Future medical expenses

  1. On the basis of Dr Koh's evidence that the plaintiff would probably need acupuncture treatment once or twice a month for the next six to 12 months at $52 per session the future cost would range from about $312 to $1248.  Dr Koh could not be certain that the plaintiff wouldn't need acupuncture treatment beyond the next 12 months.  This is understandable in the sense that we are dealing with a future possibility rather than a past or present fact.  Some account should be made for the possibility that the plaintiff may require treatment beyond the next 12 months.

  2. There is no evidence of the cost of a C2 ganglion injection.  Mr Graziotti gave evidence that this form of treatment may provide the plaintiff with more than transient relief.  Given that the plaintiff remains symptomatic she will most likely need to attend on her general medical practitioner from time to time and also resort to the use of medication for pain relief.

  3. Doing the best I can I award the plaintiff $2000 for future medical expenses.

General damages

  1. The plaintiff is entitled to general damages for the accident itself and for the consequent pain, inconvenience and other matters generally referred to as the loss of amenities.

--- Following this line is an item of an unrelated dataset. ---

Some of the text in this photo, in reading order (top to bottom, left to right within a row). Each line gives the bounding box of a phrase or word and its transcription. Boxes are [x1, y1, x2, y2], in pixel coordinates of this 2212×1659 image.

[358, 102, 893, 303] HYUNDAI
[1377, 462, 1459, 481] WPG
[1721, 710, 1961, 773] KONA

  2. The award of damages for loss of enjoyment of life and amenities generally requires a consideration of s3C of the Motor Vehicle (Third Party Insurance) Act 1943 ("the Act"). This section imposes limitations upon an award of damages for non‑pecuniary loss and it applies to the present case. Section 3C(3) provides that the maximum amount of damages that may be awarded for non‑pecuniary loss is, at the present time, $219,000 and that that amount may be awarded "only in a most extreme" case.

  3. I repeat all of my comments and findings previously expressed herein for the purpose of assessing general damages.

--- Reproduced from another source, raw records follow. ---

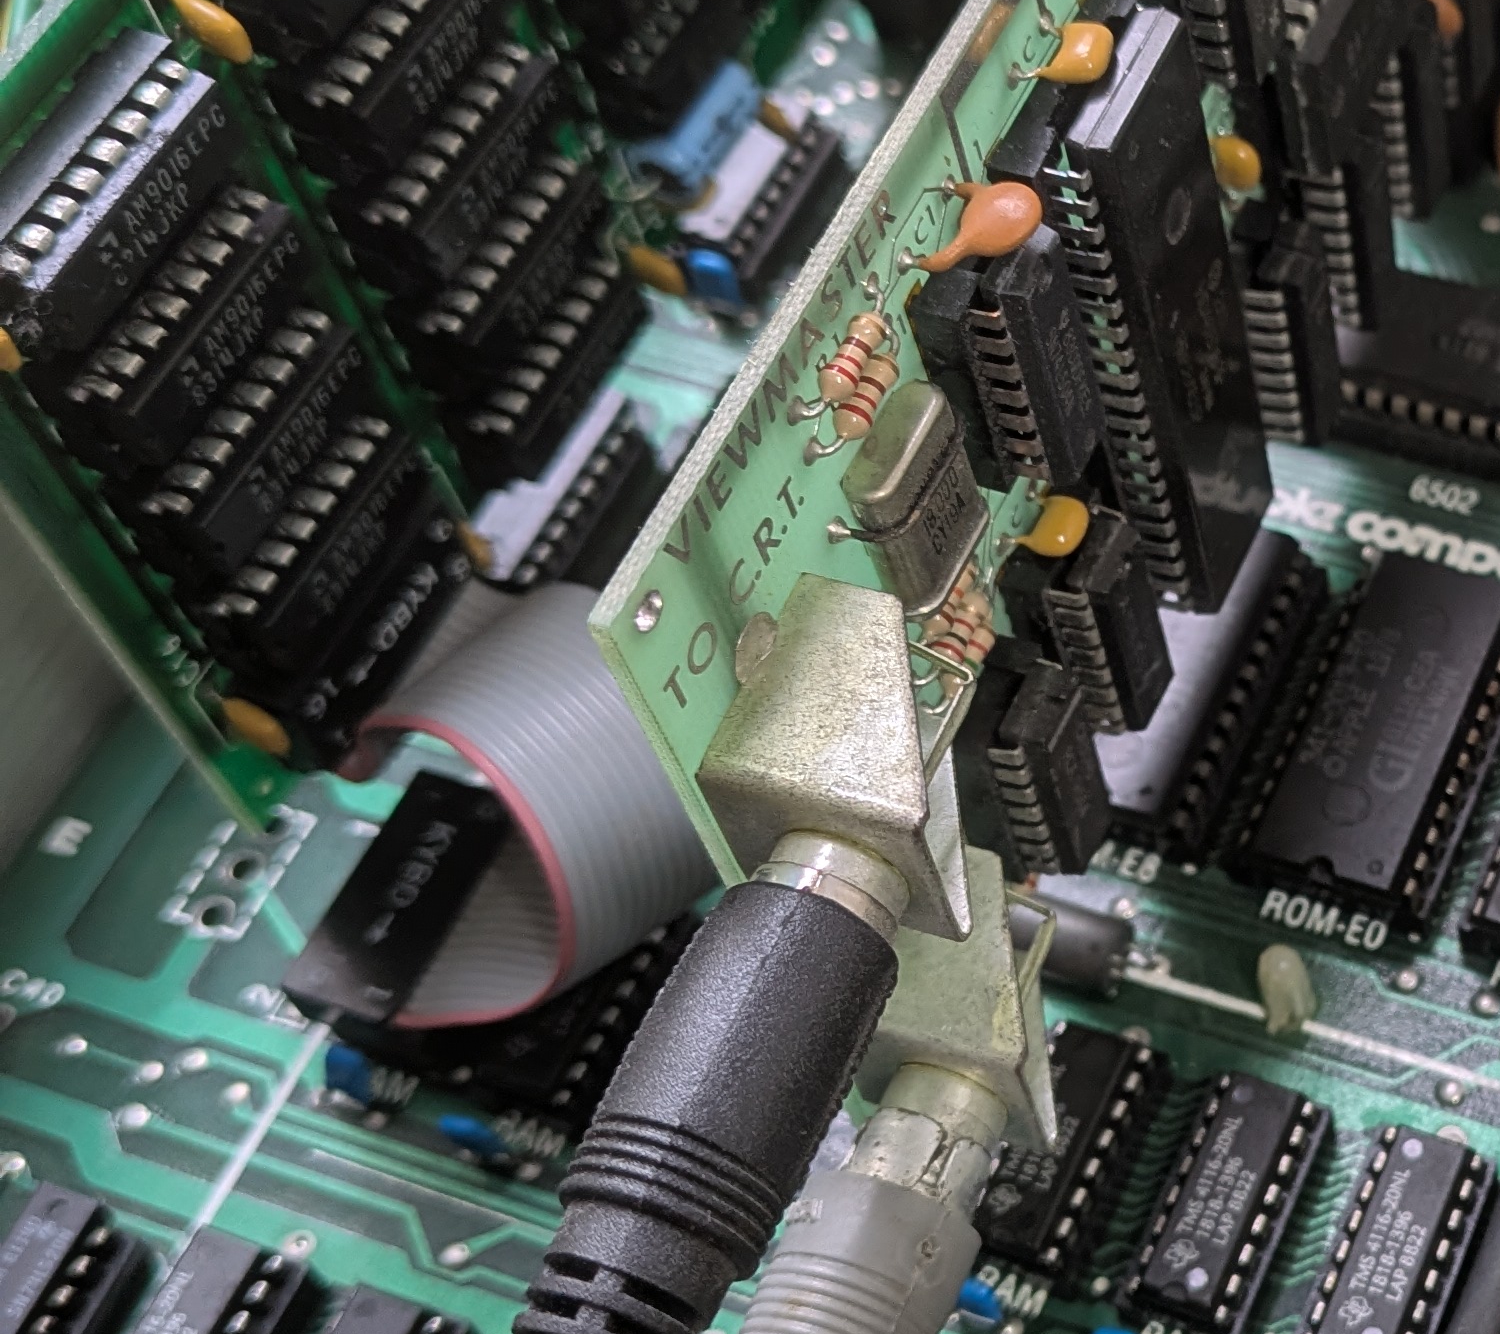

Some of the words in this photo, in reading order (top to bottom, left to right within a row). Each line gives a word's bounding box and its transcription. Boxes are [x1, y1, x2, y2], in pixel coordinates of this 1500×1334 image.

[115, 99, 231, 237] AM9016EPC
[907, 203, 944, 248] C1
[199, 229, 305, 357] AM9016EPC
[651, 189, 917, 567] VIEWMASTER
[715, 475, 814, 607] C.R.T.
[1406, 472, 1482, 517] 6502
[658, 616, 729, 709] TO
[1348, 1249, 1379, 1293] TMS
[1364, 1165, 1412, 1250] 4116-20NL
[1365, 1207, 1415, 1297] 1818-1396
[1383, 1265, 1411, 1303] LAP
[1397, 1223, 1428, 1268] 8822

  4. The plaintiff was involved in a serious collision which consisted of two impacts to the rear of the Mazda 929 in which she was a front seat passenger.  The impacts were severe enough for her seat to be dislodged.

  5. I repeat my comments on the credibility of the plaintiff.  In my opinion this is one of those cases where the injured party is a relatively quiet sort of person who gets on with life as best she can no matter what the difficulties.  In saying that I do not wish it to be misunderstood that I am putting her injuries into a higher category than they ought to be.  The point is that it is always necessary to guard against underscoring the impact of injuries suffered by a person who has a relatively mild and stoic disposition.

  6. The fact that this plaintiff has received physiotherapy and acupuncture treatment on many occasions does not change my view about her.  In the plaintiff's case I think the frequency of such treatment is indicative of the severity of her symptoms and her genuine desire to obtain some relief.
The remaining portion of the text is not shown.